Assembly Strings

Prahlad Godara ------ From DOOSEEP


A string is a data type that is traditionally a sequence of characters. And it is often implemented as an array data structure of bytes (or words). In assembly language also, strings are used to store large numbers or groups of characters and words.

String Functions and Uses in Assembly Language

A string can contain multiple characters. The length is set according to the size of the string in a variable in the assembly. Generally, we specify the length of the string by either of the two methods −

  1. explicitly storing string length
  2. using the $msg character

We can store the string length explicitly using the $location counter symbol which represents the current value of the location counter. $ points to the byte after the last character of the string variable msg. Therefore, $-msg returns the length of the string.
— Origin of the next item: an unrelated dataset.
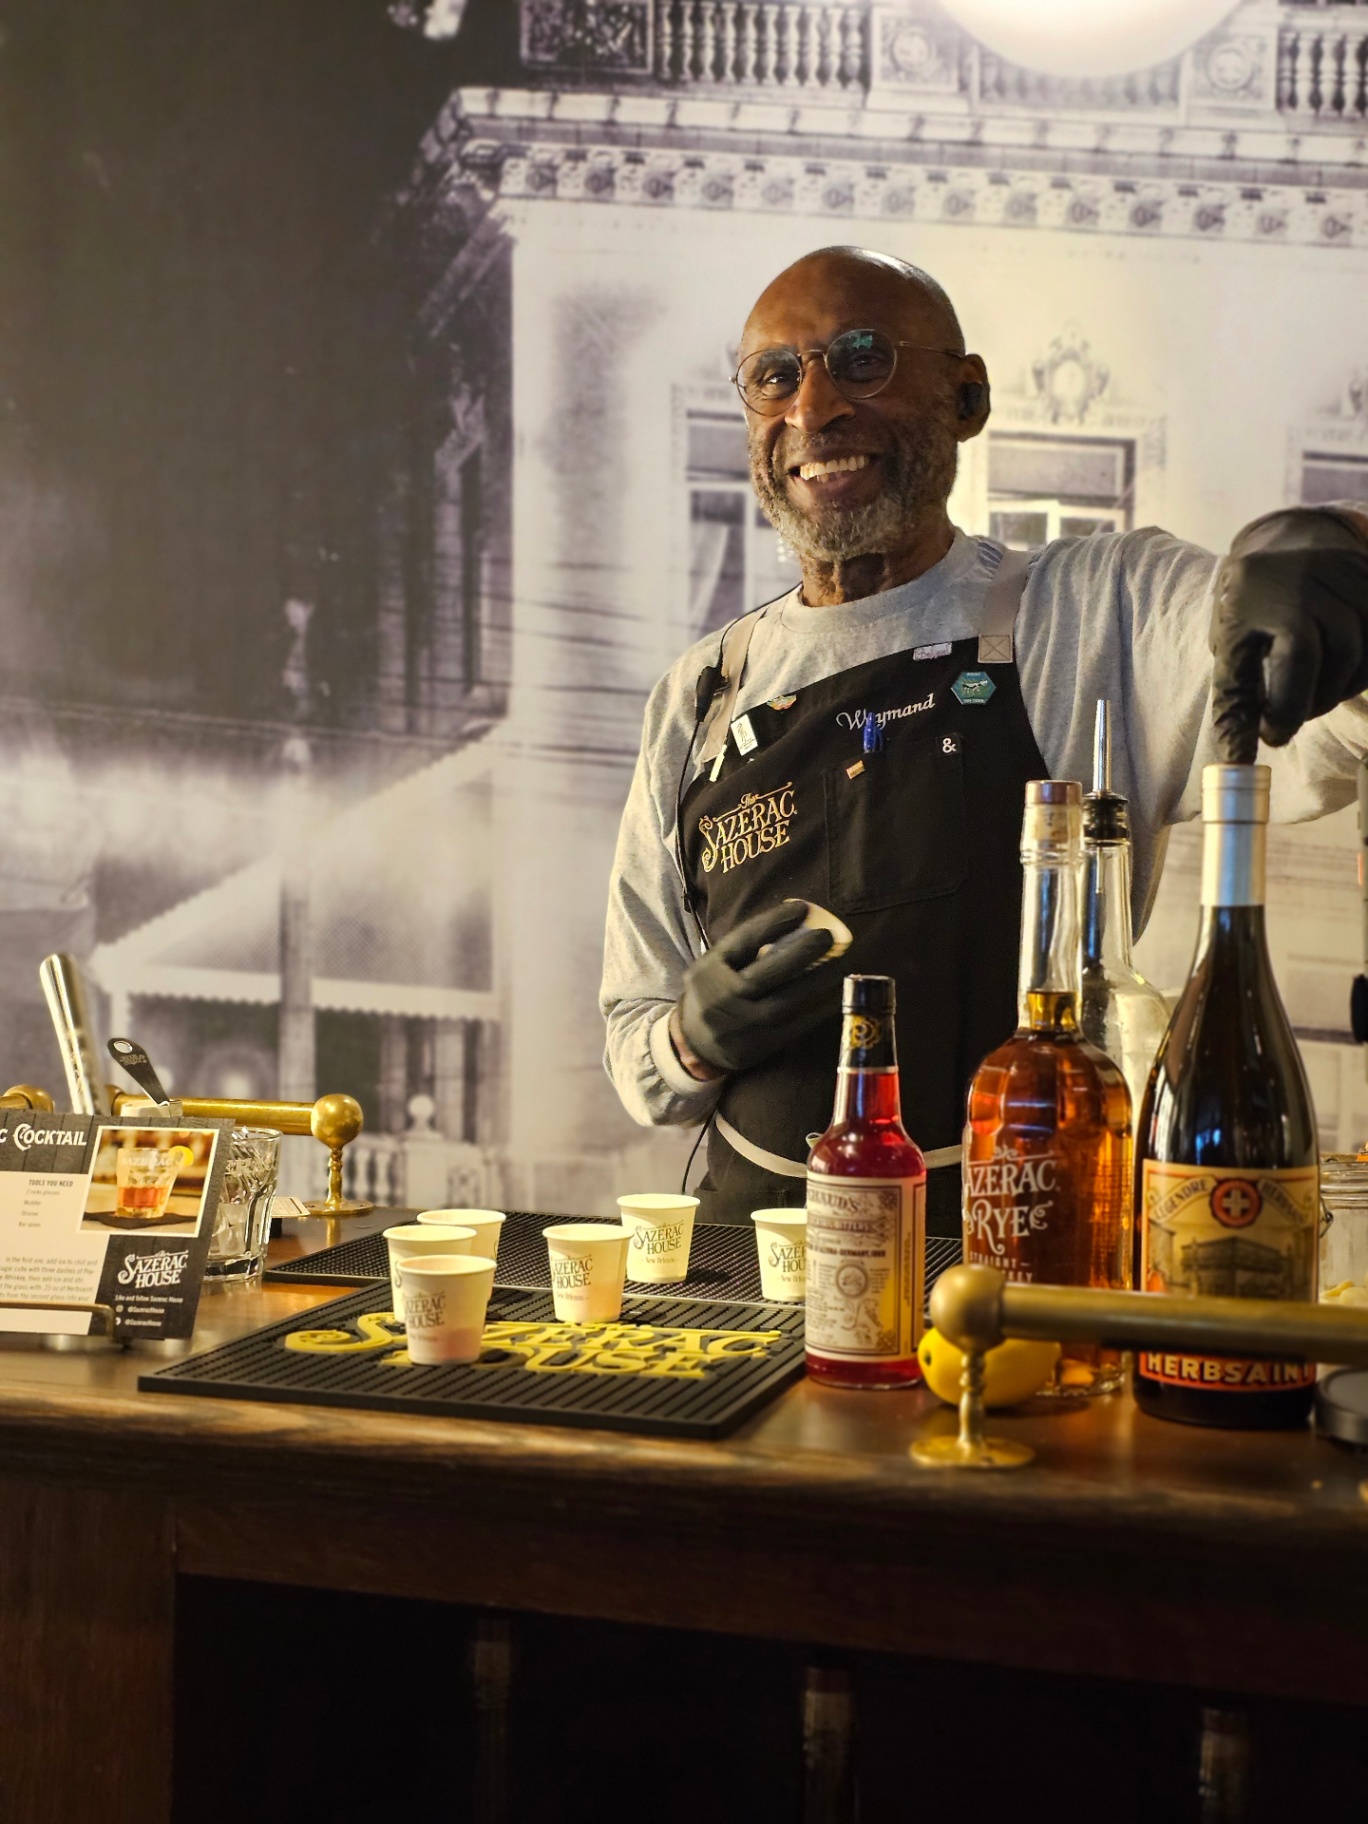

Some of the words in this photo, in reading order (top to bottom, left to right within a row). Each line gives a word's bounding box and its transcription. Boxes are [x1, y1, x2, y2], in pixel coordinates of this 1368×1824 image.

You can also give the length of the string in place of $-msg - len equ 13

 msg db 'Hello, world!',0xa ;our dear string
      len  equ  $ - msg            ;length of our dear string
      ;Or
      len equ 13                 ;length of our dear string
    

The string is written after the trailing sentinel character - message DB 'I am loving it!', 0

string instructions in assembly

Each string instruction may require a source operand, a destination operand, or both. ES and EDI in 32-bit use the same SI and DI registers as in 16-bit for source and destination.

There are five basic instructions for processing strings.

  1. MOVS − This instruction moves 1 byte, word or doubleword data from one memory location to another.
  2. LODS − This instruction loads from memory. If the operand is a single byte, it is loaded into the AL register, if the operand is a word, it is loaded into the AX register, and a doubleword is loaded into the EAX register.
  3. STOS− This instruction stores data from register (AL, AX, or EAX) into memory.
  4. CMPS− This instruction compares two data items in the memory. Data can be of byte size, word or doubleword.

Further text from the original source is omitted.